Reproduce the lines below verbatim. Pictures are to be omitted.

— Data for this task —
○ ○ ○ ○
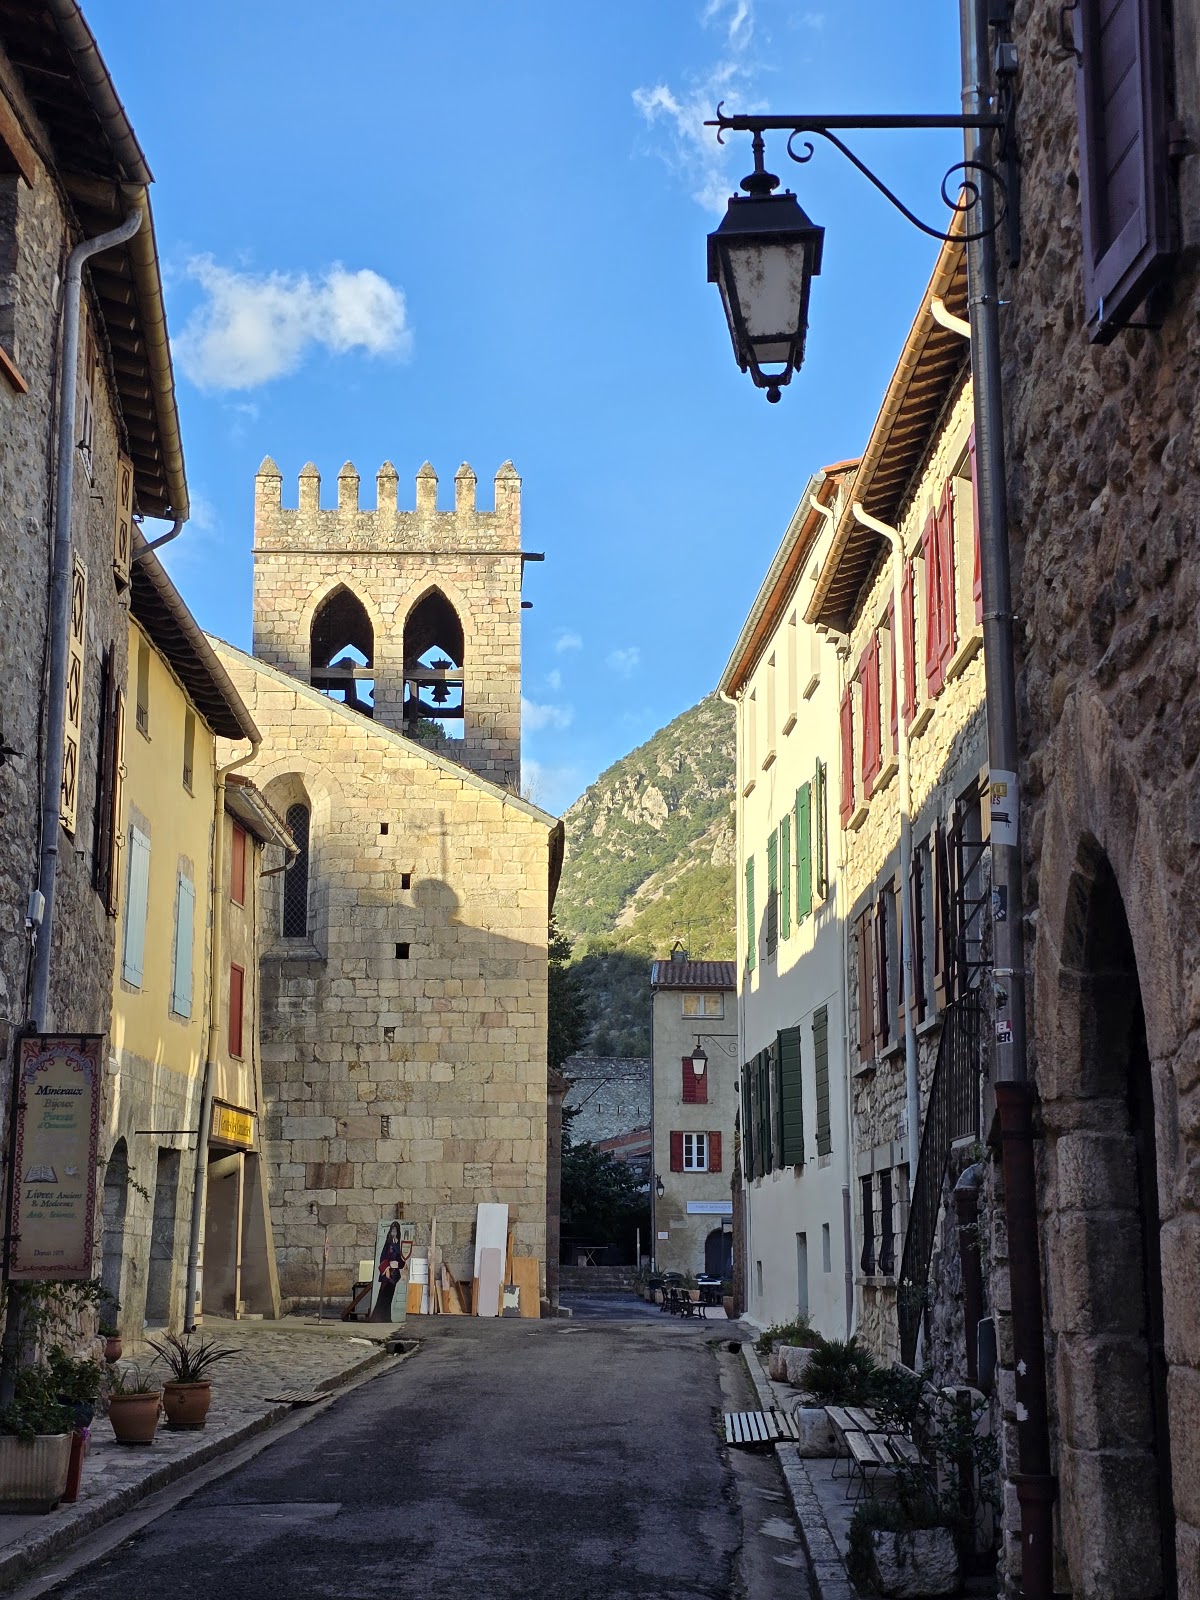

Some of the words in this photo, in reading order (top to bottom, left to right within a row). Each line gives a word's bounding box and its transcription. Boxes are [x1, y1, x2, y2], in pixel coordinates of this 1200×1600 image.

[34, 1085, 83, 1096] Minéraux
[43, 1099, 74, 1110] Bijoux
[25, 1189, 55, 1199] Livres
[40, 1200, 74, 1208] Modernes
[34, 1249, 52, 1257] Depuis
○ ○ ○ ○
— Solved problem —
Some of the words in this photo, in reading order (top to bottom, left to right within a row). Each line gives a word's bounding box and its transcription. Boxes are [x1, y1, x2, y2], in pixel coordinates of this 1200×1600 image.

[34, 1085, 83, 1096] Minéraux
[43, 1099, 74, 1110] Bijoux
[25, 1189, 55, 1199] Livres
[40, 1200, 74, 1208] Modernes
[34, 1249, 52, 1257] Depuis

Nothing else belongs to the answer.